Dr. Koenig studied the nucleic acid sequence of two brothers presenting severe premature CAD. She also studied their mother, who partially expressed the severe, early-onset CAD phenotype. She found that both brothers harbored compound heterozygous variants of SCARB1, inheriting one allele from their mother and one from their father.
To get a better understanding of how the variant allele contributed to ASCVD and CAD, Dr. Koenig sourced induced pluripotent stem cells (IPSCs) from the two brothers, differentiating the IPSCs into hepatocyte-like cells, or liver cells. This procedure was done to study the expression of SCARB1 and cholesterol processing.

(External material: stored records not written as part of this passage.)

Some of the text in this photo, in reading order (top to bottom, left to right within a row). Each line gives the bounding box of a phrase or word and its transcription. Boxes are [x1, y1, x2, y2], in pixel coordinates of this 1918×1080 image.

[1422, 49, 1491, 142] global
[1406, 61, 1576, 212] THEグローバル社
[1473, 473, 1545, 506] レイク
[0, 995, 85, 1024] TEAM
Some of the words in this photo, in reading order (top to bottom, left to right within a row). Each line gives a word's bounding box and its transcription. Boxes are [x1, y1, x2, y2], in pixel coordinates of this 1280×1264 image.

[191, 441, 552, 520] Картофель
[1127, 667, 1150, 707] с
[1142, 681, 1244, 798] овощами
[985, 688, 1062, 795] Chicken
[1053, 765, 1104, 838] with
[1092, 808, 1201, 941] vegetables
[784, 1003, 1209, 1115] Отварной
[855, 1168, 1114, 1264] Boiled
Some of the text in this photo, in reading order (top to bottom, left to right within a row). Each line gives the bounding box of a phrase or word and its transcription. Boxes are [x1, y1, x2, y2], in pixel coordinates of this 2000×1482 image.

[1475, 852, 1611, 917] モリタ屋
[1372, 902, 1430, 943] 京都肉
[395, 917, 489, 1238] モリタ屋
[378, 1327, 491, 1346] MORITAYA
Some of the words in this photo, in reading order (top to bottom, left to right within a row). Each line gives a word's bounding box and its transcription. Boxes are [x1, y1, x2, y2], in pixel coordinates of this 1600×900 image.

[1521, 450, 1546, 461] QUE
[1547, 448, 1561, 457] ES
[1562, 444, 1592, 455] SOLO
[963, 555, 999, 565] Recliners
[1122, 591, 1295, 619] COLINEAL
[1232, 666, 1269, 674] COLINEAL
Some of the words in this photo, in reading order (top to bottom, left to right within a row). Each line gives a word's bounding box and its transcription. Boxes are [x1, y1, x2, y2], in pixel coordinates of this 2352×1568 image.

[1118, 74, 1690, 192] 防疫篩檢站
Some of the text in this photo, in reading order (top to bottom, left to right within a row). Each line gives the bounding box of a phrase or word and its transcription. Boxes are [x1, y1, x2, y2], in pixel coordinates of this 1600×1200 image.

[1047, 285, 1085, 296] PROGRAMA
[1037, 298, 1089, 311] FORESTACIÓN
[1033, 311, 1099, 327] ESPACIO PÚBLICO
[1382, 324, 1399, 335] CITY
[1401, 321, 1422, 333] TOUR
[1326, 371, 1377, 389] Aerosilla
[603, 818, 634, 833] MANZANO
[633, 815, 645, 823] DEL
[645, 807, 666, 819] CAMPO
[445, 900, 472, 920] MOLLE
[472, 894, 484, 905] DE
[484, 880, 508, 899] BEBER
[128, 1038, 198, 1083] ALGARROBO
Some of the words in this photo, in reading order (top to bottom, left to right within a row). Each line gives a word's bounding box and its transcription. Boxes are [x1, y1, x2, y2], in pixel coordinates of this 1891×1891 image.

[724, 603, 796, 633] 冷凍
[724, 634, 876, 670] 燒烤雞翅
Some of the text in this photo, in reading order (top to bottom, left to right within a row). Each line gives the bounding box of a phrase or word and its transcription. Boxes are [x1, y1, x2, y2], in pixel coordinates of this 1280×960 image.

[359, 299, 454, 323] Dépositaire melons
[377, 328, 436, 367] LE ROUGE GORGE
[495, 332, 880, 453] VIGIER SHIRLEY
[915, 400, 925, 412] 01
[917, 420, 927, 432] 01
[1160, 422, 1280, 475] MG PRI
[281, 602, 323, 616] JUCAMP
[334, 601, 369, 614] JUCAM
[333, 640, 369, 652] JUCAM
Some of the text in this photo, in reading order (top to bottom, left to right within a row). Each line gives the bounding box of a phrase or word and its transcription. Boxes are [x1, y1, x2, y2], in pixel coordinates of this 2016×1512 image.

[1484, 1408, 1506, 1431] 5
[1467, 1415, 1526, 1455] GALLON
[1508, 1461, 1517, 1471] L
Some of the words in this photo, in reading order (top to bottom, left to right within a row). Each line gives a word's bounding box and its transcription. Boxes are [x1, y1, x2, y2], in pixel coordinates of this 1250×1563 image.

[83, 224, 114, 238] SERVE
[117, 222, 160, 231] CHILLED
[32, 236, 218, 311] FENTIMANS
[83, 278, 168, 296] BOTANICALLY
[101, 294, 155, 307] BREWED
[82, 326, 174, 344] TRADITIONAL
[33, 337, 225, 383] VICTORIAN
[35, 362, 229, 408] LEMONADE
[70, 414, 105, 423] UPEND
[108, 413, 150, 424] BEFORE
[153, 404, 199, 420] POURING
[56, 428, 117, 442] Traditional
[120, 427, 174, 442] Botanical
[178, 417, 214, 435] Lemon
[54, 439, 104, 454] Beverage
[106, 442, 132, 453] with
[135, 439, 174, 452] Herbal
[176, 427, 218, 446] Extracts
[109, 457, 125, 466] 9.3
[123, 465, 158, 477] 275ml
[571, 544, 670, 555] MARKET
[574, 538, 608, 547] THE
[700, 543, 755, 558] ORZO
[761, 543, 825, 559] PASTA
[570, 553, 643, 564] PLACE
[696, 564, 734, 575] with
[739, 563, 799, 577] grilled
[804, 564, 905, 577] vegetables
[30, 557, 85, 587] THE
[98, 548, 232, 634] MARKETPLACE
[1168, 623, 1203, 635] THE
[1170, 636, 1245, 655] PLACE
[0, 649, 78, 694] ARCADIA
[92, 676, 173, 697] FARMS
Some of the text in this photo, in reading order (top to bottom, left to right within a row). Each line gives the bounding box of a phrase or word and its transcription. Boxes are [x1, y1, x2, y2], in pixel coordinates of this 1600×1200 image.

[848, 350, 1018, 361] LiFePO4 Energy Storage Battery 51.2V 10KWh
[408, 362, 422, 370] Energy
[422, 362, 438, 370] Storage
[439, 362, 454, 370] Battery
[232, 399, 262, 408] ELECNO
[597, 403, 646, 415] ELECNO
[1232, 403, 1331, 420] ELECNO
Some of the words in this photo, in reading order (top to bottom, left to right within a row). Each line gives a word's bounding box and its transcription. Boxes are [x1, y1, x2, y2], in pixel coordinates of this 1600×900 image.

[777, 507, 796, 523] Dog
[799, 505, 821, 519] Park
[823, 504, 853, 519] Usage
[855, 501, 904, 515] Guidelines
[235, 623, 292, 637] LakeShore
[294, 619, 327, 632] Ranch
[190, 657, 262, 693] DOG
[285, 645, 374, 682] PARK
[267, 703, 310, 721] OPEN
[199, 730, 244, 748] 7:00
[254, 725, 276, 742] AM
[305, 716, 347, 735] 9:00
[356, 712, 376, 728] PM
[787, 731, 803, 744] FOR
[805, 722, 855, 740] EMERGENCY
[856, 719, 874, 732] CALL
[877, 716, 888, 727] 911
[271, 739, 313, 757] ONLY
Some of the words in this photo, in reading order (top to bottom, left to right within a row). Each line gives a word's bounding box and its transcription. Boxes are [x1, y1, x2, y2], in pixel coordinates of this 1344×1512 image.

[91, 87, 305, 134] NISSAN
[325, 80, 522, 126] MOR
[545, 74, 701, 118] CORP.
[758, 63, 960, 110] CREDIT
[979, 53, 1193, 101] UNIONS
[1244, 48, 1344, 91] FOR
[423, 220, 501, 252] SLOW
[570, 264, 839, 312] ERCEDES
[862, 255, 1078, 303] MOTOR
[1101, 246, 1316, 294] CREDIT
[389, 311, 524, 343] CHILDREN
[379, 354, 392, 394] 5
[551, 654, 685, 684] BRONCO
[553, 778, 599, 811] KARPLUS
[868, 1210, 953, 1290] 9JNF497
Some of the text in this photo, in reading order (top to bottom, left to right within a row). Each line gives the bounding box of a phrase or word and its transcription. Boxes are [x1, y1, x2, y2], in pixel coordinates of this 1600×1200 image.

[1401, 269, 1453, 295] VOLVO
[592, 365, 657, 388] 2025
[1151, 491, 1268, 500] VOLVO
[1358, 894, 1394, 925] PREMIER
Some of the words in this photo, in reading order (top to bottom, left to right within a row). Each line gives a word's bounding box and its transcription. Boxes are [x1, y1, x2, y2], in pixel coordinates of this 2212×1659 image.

Her observations suggested that the variant maternal allele was not expressed in the patients, likely indicating a total reduction of the body’s access to HDL receptors, or SR-BI bioavailability. The variant on the paternal allele presented decreased cholesterol uptake, decreased HDL binding on the SR-BI receptor and greater affinity for dimerization. These observations suggest that this specific variant could be pathogenic in heterozygous individuals, or individuals with a normal second allele in their allele pair.
After using these observation to categorizing this variant SCARB1 as pathogenic, Dr. Koenig found the altered function of the resulting SR-BI receptor to have pernicious effects.
To further explore the full effects of this variant, Dr. Koenig created a mouse model that contained the variant gene sequence, and observed the effects of a defective SR-BI receptor. She found that homozygous knock-in mice suffered lethality by greater than 95%. This supported the pathogenicity of this variant.
“Our findings substantiate a causative role for SR-BI in severe inherited atherosclerotic disease,” says Dr. Koenig. “The defective SR-BI receptor results in the ineffective binding and uptake of HDL-C. These findings are supported by the homozygous lethality and heterozygous dyslipidemia, or abnormal cholesterol elevation, in a knock-in mouse model harboring the same mutation as the patients.”
Dr. Koenig’s work supports further investigation into HDL-mediated therapies of ASCVD.
“HDL has three key functions to consider for targeted therapies,” says Dr. Koenig. “Cholesteryl ester transfer to intermediate density lipoprotein via cholesteryl ester transfer protein, cholesterol efflux and cholesterol uptake.”
Dr. Koenig explains that future research should focus on reverse cholesterol transport.
“Clinical trials did not have success with improving outcomes of cardiovascular events with cholesteryl ester transfer protein inhibition, likely because this mechanism does not have an effect on cholesterol efflux or excretion,” says Dr. Koenig. “Future studies should consider investigating the therapeutic potential of augmenting reverse cholesterol transport to improve these functions.”
Dr. Koenig’s work reveals the first causative relationship between SCARB1 variants and the presentation of severe, early-onset CAD. Further, her findings open doors in the exploration of HDL metabolism as a therapeutic target for dyslipidemia and ASCVD.